Go to the line containing "this 1516×1283 image." in the records below and retype from there through the final line, exactly.

══════

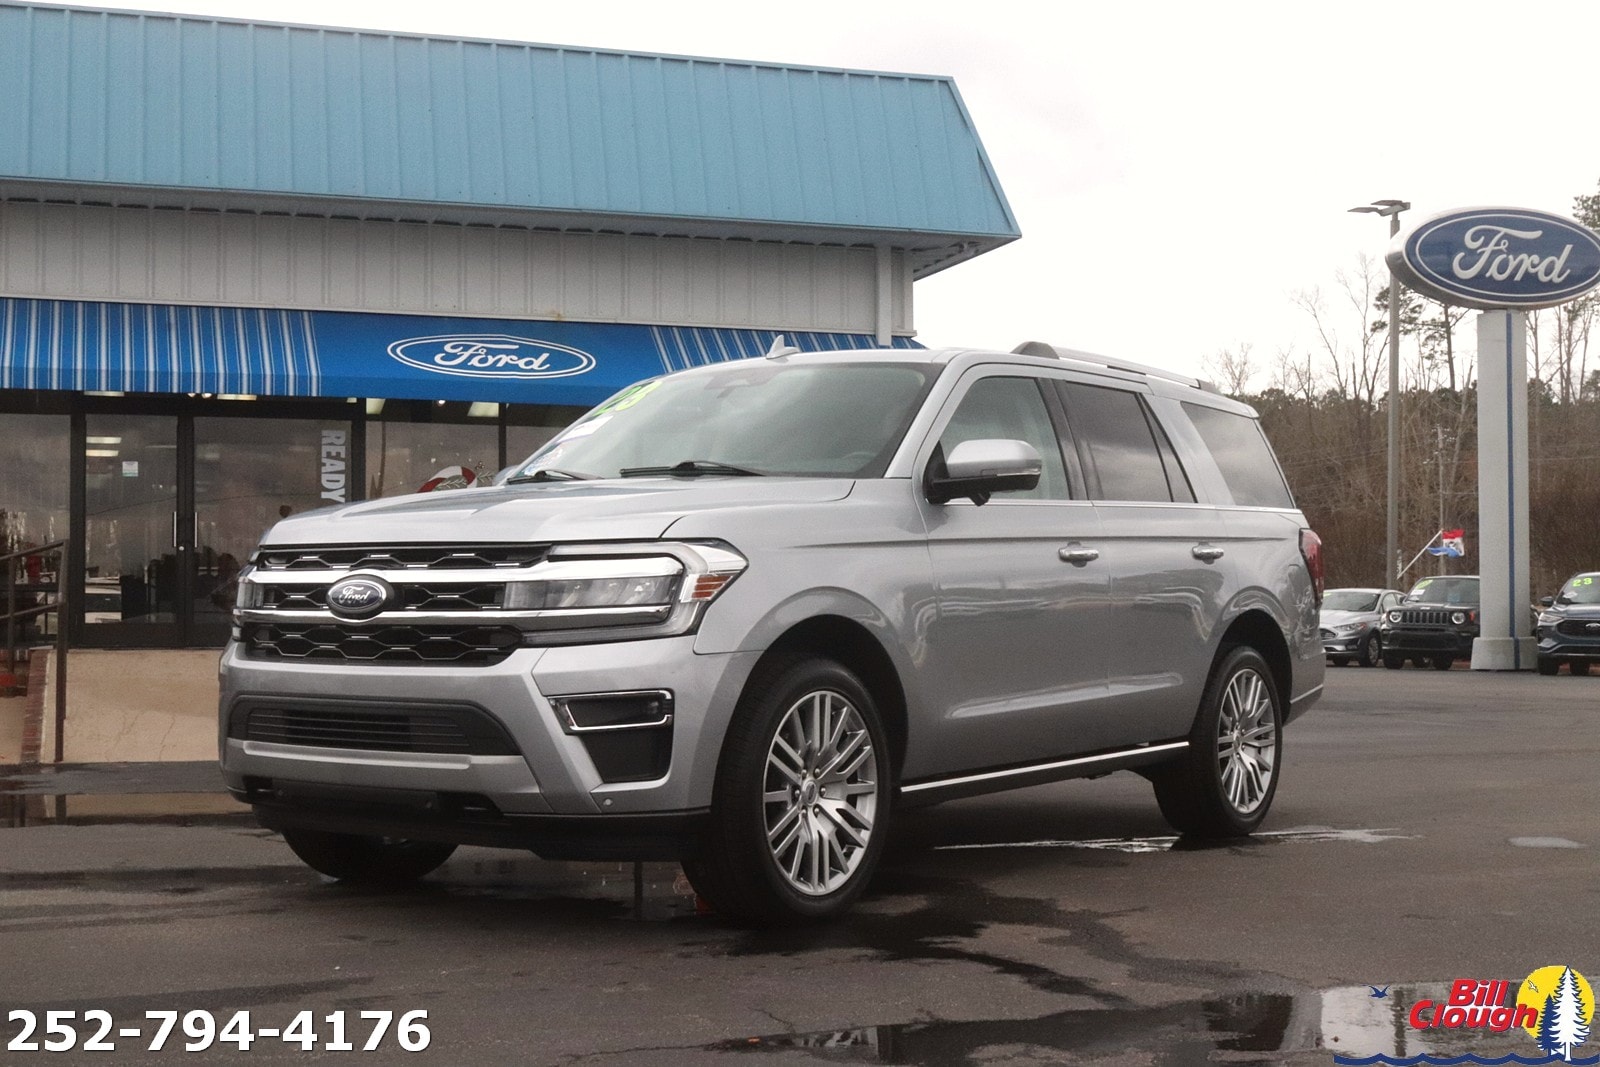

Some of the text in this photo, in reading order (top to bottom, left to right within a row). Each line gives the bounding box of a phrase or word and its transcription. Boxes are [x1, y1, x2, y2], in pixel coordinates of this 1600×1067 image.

[1452, 224, 1573, 283] Ford
[434, 342, 551, 371] Ford
[321, 430, 346, 503] READY
[339, 586, 371, 604] Ford
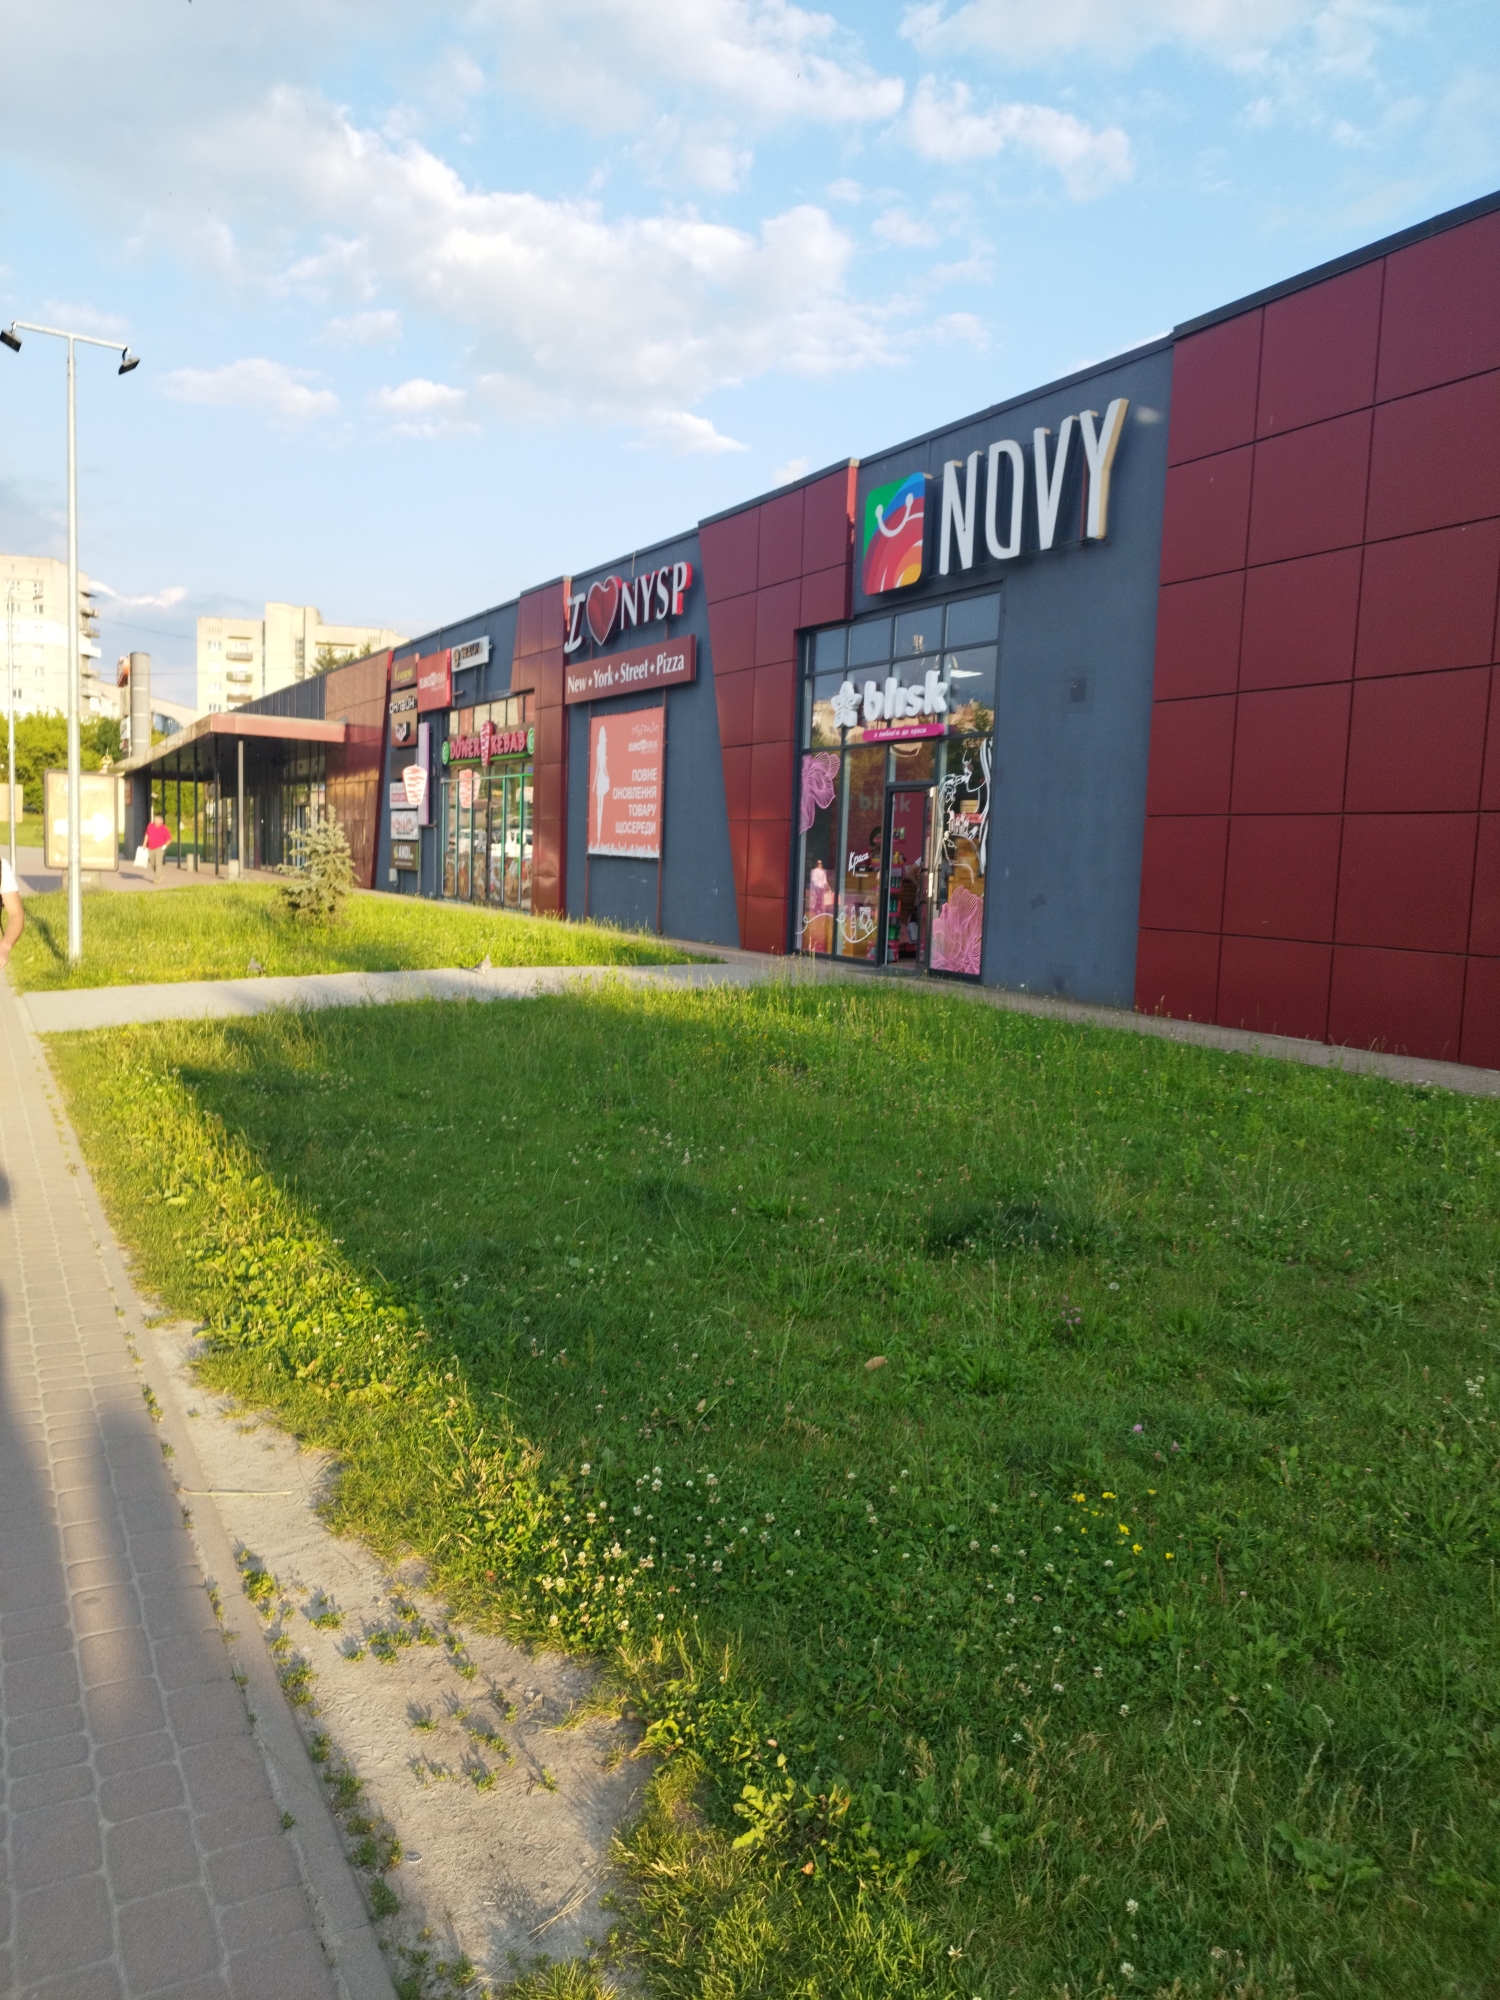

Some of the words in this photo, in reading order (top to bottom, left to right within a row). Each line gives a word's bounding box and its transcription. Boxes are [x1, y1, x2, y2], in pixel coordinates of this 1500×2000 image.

[939, 398, 1128, 576] NOVY
[620, 561, 693, 631] NYSP
[567, 675, 587, 694] New
[593, 664, 614, 689] York
[620, 659, 648, 683] Street
[656, 652, 684, 675] Pizza
[863, 670, 948, 722] blisk
[450, 735, 481, 760] DÖNER
[491, 730, 526, 755] KEBAB
[631, 768, 657, 782] ПОВНЕ
[613, 786, 657, 800] ОНОВЛЕННЯ
[628, 804, 657, 817] ТОВАРУ
[615, 821, 656, 836] ЩОСЕРЕДИ
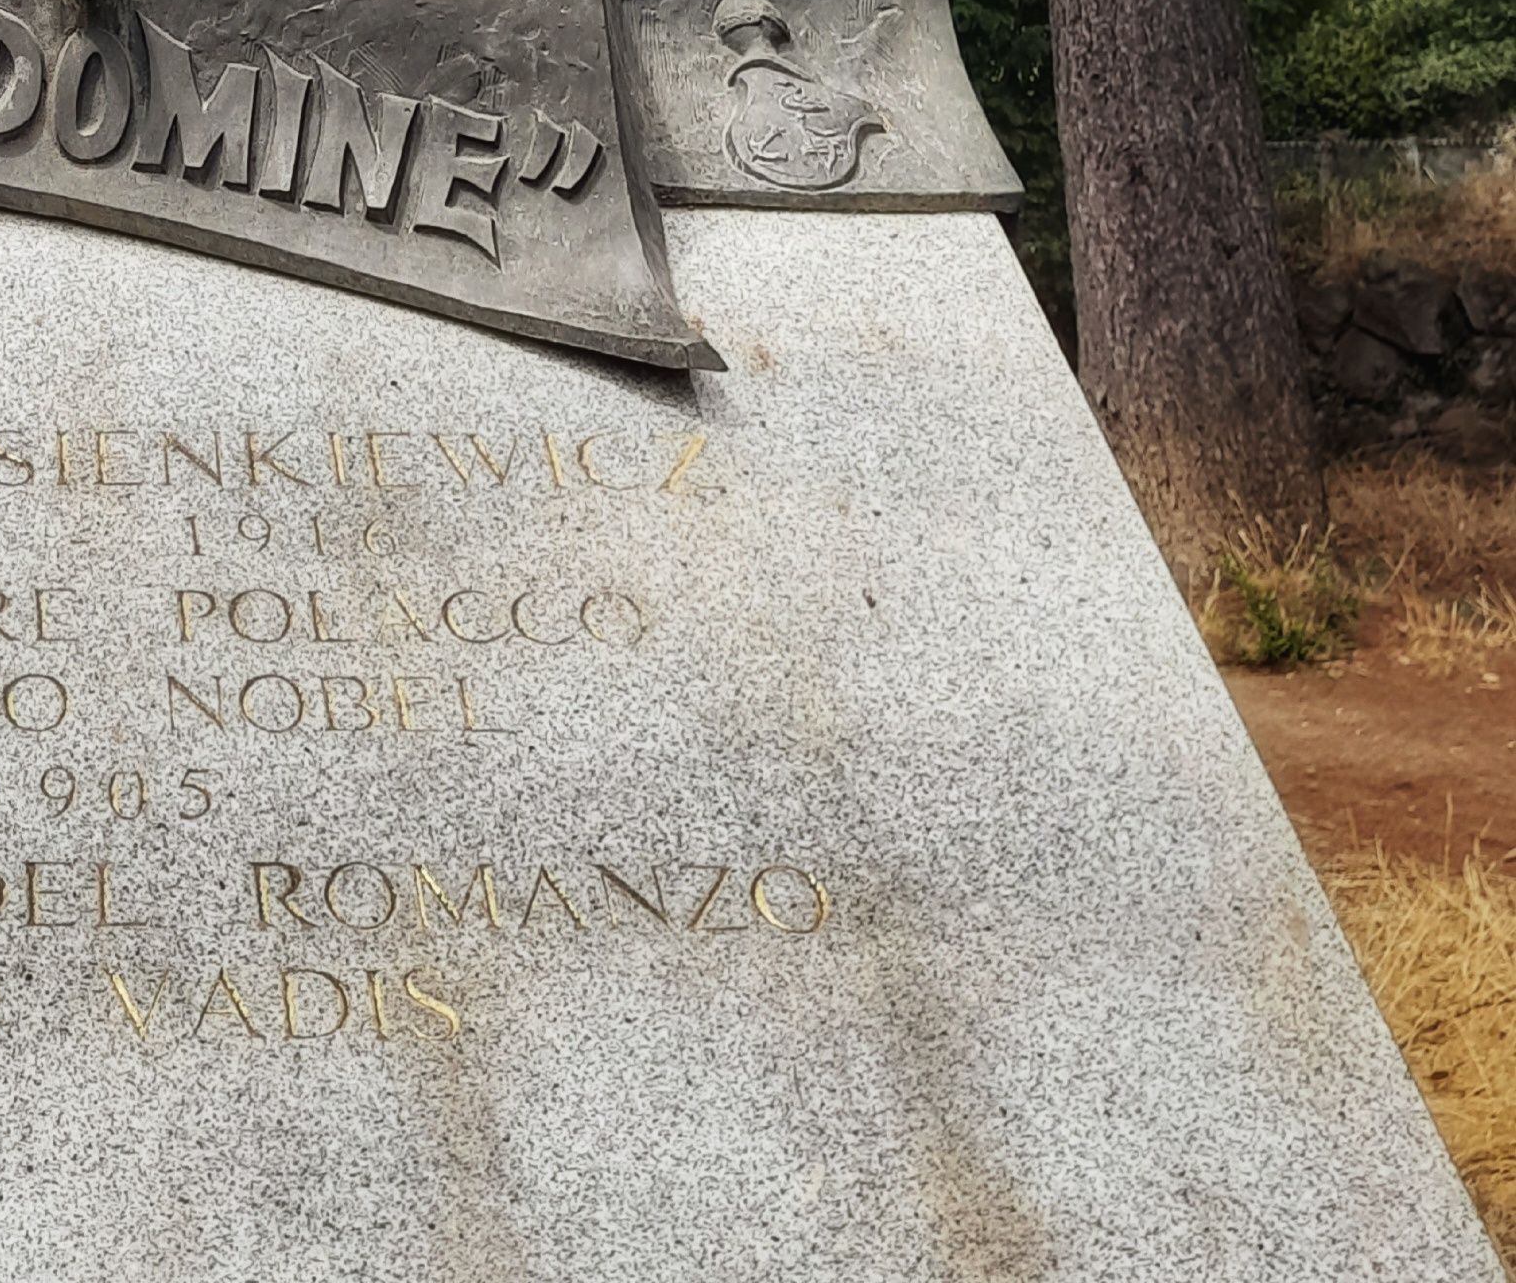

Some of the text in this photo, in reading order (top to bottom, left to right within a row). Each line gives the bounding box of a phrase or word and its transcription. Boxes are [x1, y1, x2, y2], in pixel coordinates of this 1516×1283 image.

[184, 513, 396, 557] 1916
[176, 589, 648, 645] POLACCO
[166, 674, 522, 734] NOBEL
[248, 861, 830, 935] ROMANZO
[102, 967, 462, 1039] VADIS

══════

Solved exercise |
Some of the text in this photo, in reading order (top to bottom, left to right within a row). Each line gives the bounding box of a phrase or word and its transcription. Boxes are [x1, y1, x2, y2], in pixel coordinates of this 1516×1283 image.

[184, 513, 396, 557] 1916
[176, 589, 648, 645] POLACCO
[166, 674, 522, 734] NOBEL
[248, 861, 830, 935] ROMANZO
[102, 967, 462, 1039] VADIS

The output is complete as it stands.